DATA RECORDS -
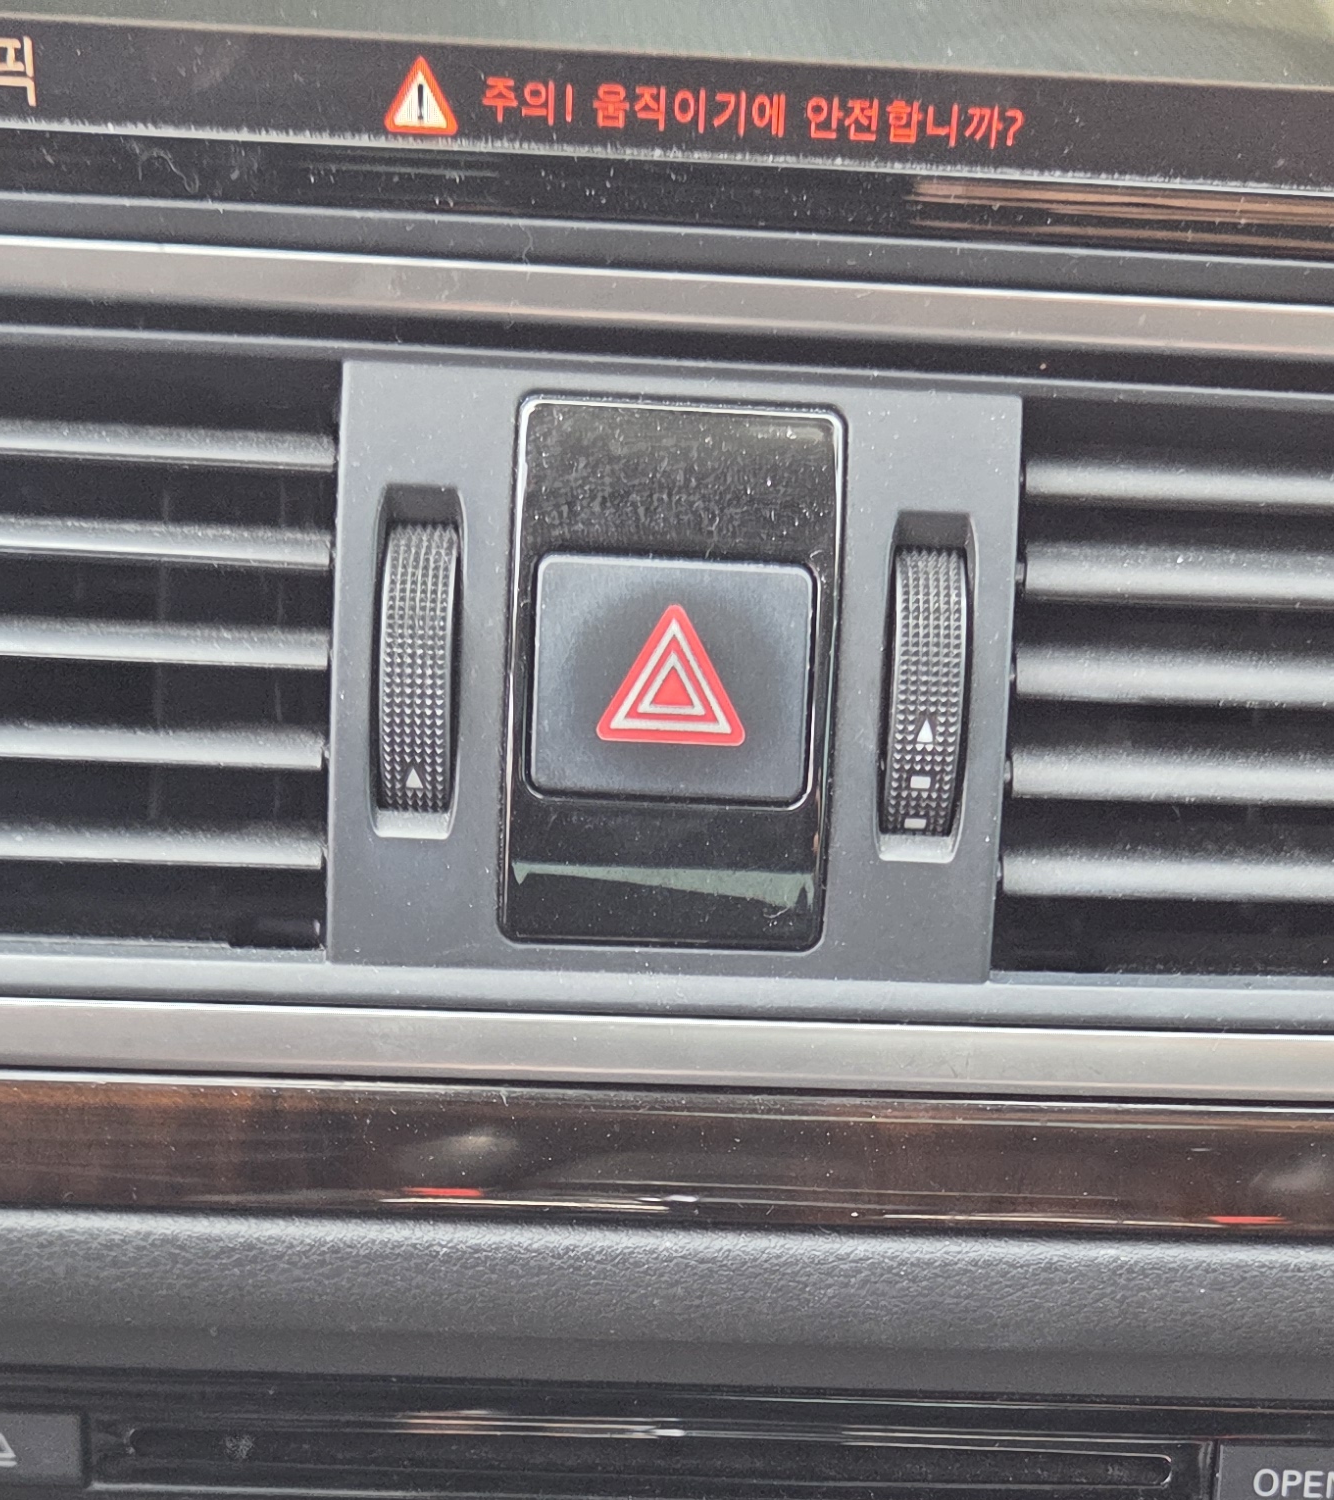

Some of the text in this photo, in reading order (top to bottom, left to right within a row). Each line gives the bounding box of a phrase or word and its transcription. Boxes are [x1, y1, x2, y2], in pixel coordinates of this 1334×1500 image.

[481, 76, 1025, 149] 주의! 움직이기에 안전합니까?
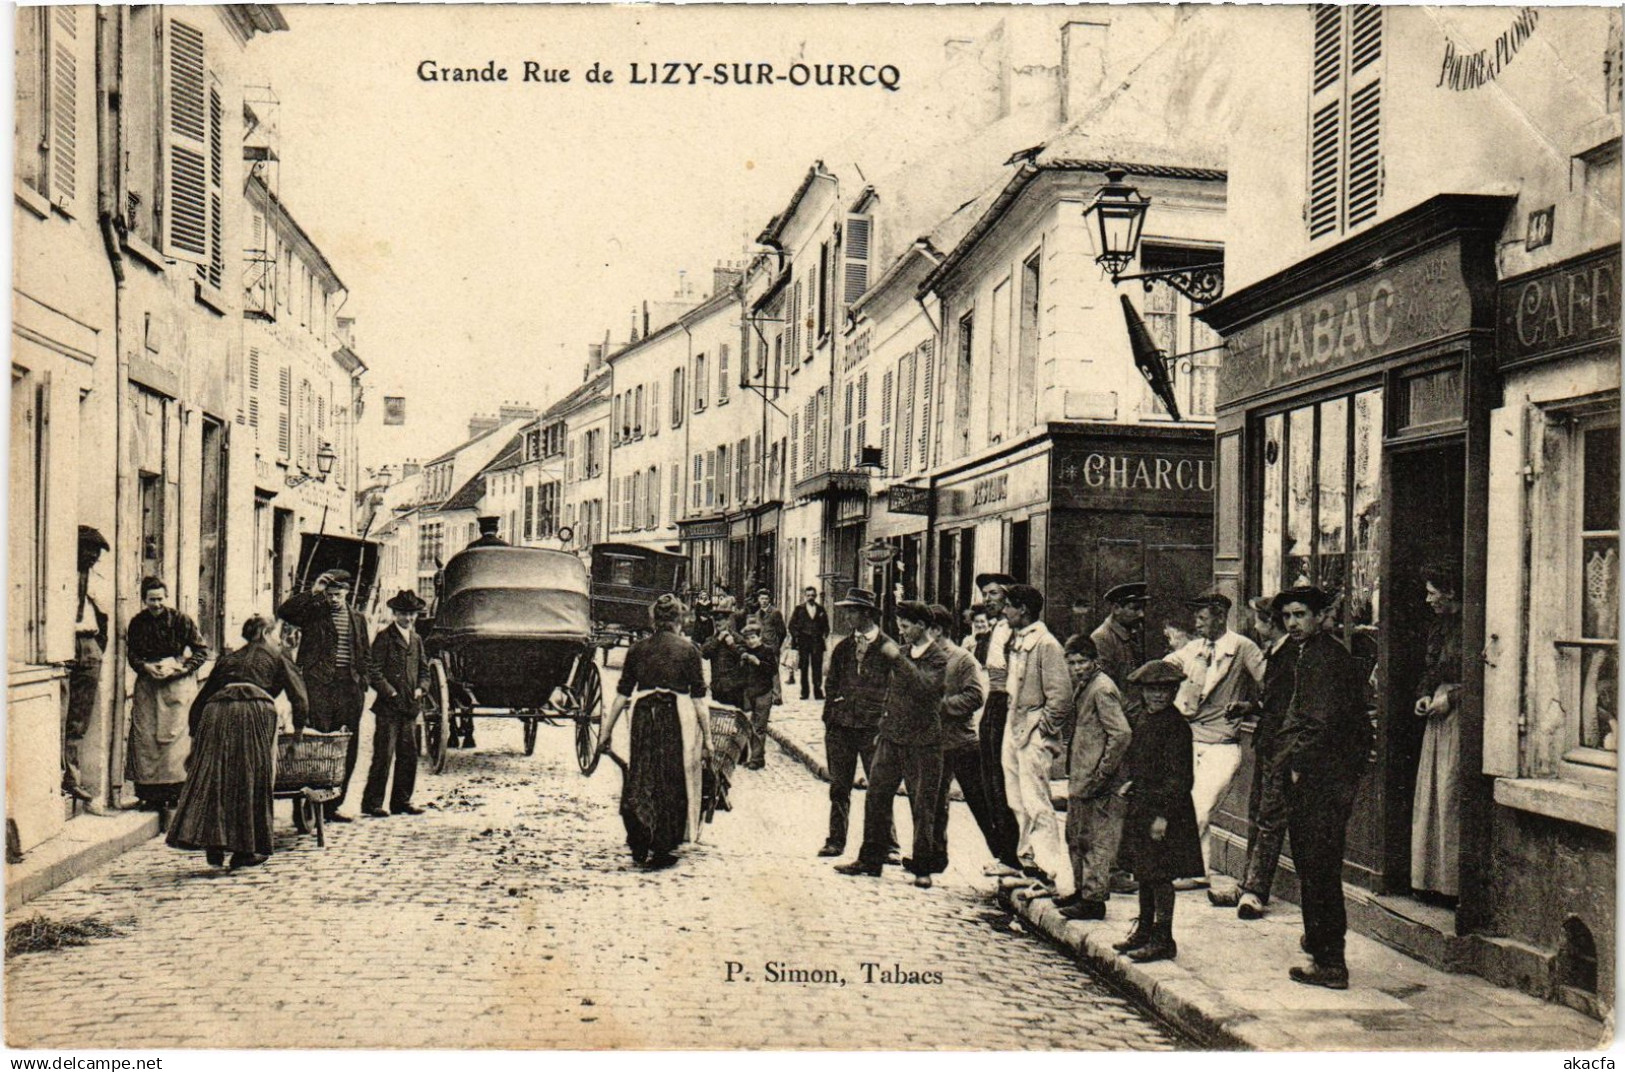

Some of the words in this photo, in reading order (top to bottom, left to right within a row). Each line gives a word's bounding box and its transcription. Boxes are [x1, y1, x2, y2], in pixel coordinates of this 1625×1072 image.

[1436, 37, 1487, 91] POUDRE
[1262, 279, 1394, 389] TABAC
[1083, 453, 1216, 492] CHARCU
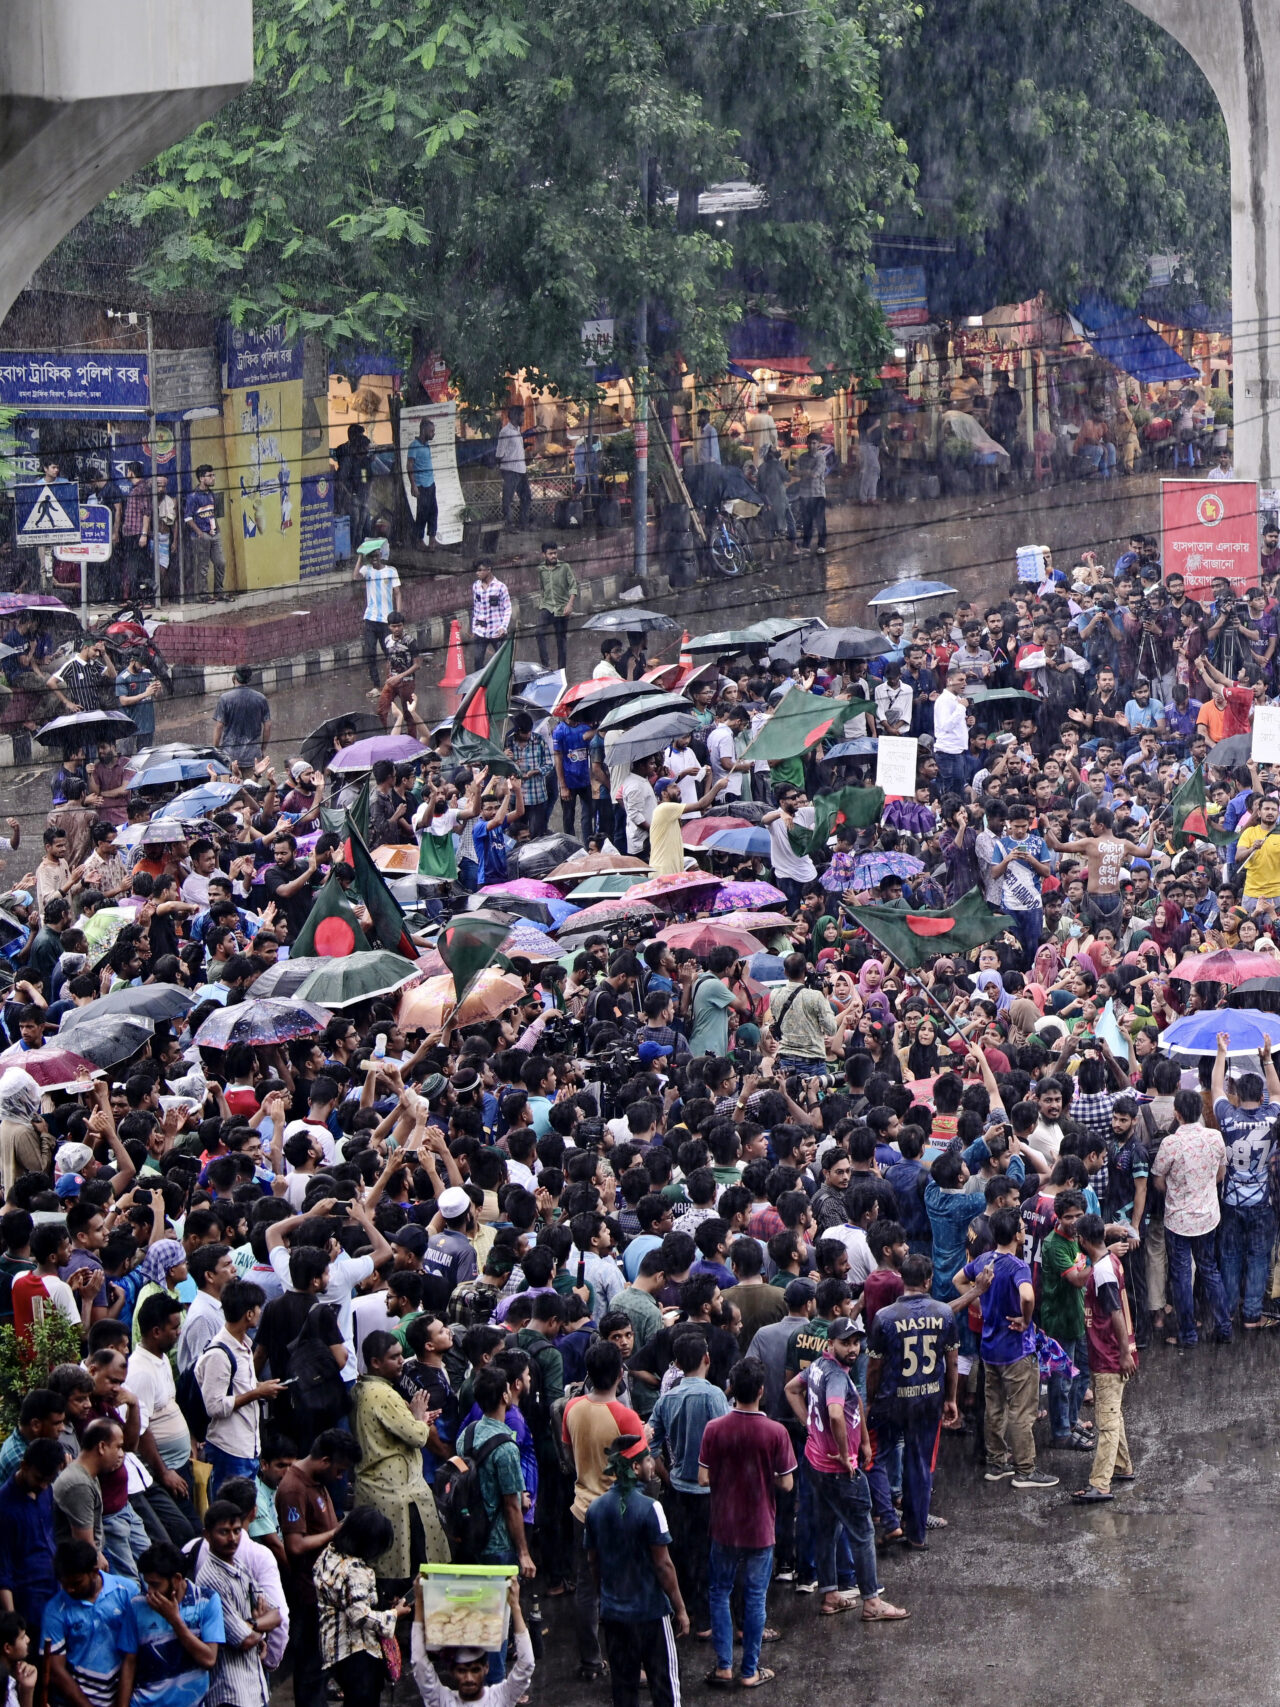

GOAL OF THE EXERCISE - What this calls for is a word-for-word copy of the listing above, pictures excluded.

RESULT BELOW -
Some of the text in this photo, in reading order (top to bottom, left to right within a row). Each line gives the bounding box of a phrase or word and its transcription. Boxes are [x1, y1, x2, y2], in pixel coordinates of this 1334×1500 image.

[481, 76, 1025, 149] 주의! 움직이기에 안전합니까?

Some of the words in this photo, in reading order (top to bottom, left to right within a row). Each line gives a word's bounding box and its transcription. Boxes are [x1, y1, x2, y2], in pixel coordinates of this 1625×1072 image.

[1436, 37, 1487, 91] POUDRE
[1262, 279, 1394, 389] TABAC
[1083, 453, 1216, 492] CHARCU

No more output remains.